++++ Records provided
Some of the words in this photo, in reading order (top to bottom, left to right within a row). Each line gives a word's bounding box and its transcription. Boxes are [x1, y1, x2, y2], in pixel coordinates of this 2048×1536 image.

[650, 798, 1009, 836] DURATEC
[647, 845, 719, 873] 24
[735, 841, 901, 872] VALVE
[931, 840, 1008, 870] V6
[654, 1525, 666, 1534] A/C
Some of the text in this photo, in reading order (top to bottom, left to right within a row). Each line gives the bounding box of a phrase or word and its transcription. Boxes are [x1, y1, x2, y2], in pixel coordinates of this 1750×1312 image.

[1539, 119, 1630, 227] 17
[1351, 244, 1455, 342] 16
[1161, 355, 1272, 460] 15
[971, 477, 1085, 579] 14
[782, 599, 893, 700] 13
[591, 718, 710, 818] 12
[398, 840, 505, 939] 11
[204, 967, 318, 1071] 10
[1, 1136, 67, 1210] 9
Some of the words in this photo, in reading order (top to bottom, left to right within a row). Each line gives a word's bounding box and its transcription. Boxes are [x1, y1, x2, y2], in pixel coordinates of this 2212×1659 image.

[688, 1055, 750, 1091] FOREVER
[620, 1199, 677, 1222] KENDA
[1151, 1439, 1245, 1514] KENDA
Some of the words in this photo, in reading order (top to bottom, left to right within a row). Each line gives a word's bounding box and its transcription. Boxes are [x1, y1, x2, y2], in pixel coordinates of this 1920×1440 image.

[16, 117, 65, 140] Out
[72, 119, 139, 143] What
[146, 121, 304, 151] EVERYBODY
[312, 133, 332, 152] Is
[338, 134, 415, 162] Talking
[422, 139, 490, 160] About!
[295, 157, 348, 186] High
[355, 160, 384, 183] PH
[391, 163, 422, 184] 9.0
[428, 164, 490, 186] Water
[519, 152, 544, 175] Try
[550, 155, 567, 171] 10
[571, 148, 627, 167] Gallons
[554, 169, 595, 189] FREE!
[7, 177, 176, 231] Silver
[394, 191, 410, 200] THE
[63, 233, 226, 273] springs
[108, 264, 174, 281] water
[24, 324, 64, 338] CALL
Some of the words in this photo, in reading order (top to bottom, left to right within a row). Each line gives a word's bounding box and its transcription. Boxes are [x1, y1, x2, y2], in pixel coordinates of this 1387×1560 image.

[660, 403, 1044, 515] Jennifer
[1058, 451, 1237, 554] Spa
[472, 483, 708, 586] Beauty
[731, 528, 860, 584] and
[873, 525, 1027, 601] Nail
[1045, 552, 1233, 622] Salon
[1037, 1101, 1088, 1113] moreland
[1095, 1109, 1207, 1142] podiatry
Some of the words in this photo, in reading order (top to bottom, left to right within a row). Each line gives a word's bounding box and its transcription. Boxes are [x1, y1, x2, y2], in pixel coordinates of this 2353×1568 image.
++++++++
### [Work instruction]
Exactly the lines from the one containing "this 2212×1659 image." through the final line of the records must appear in your reply, and no others.

### [Answer to the problem]
Some of the words in this photo, in reading order (top to bottom, left to right within a row). Each line gives a word's bounding box and its transcription. Boxes are [x1, y1, x2, y2], in pixel coordinates of this 2212×1659 image.

[688, 1055, 750, 1091] FOREVER
[620, 1199, 677, 1222] KENDA
[1151, 1439, 1245, 1514] KENDA
Some of the words in this photo, in reading order (top to bottom, left to right within a row). Each line gives a word's bounding box and its transcription. Boxes are [x1, y1, x2, y2], in pixel coordinates of this 1920×1440 image.

[16, 117, 65, 140] Out
[72, 119, 139, 143] What
[146, 121, 304, 151] EVERYBODY
[312, 133, 332, 152] Is
[338, 134, 415, 162] Talking
[422, 139, 490, 160] About!
[295, 157, 348, 186] High
[355, 160, 384, 183] PH
[391, 163, 422, 184] 9.0
[428, 164, 490, 186] Water
[519, 152, 544, 175] Try
[550, 155, 567, 171] 10
[571, 148, 627, 167] Gallons
[554, 169, 595, 189] FREE!
[7, 177, 176, 231] Silver
[394, 191, 410, 200] THE
[63, 233, 226, 273] springs
[108, 264, 174, 281] water
[24, 324, 64, 338] CALL
Some of the words in this photo, in reading order (top to bottom, left to right within a row). Each line gives a word's bounding box and its transcription. Boxes are [x1, y1, x2, y2], in pixel coordinates of this 1387×1560 image.

[660, 403, 1044, 515] Jennifer
[1058, 451, 1237, 554] Spa
[472, 483, 708, 586] Beauty
[731, 528, 860, 584] and
[873, 525, 1027, 601] Nail
[1045, 552, 1233, 622] Salon
[1037, 1101, 1088, 1113] moreland
[1095, 1109, 1207, 1142] podiatry
Some of the words in this photo, in reading order (top to bottom, left to right within a row). Each line gives a word's bounding box and its transcription. Boxes are [x1, y1, x2, y2], in pixel coordinates of this 2353×1568 image.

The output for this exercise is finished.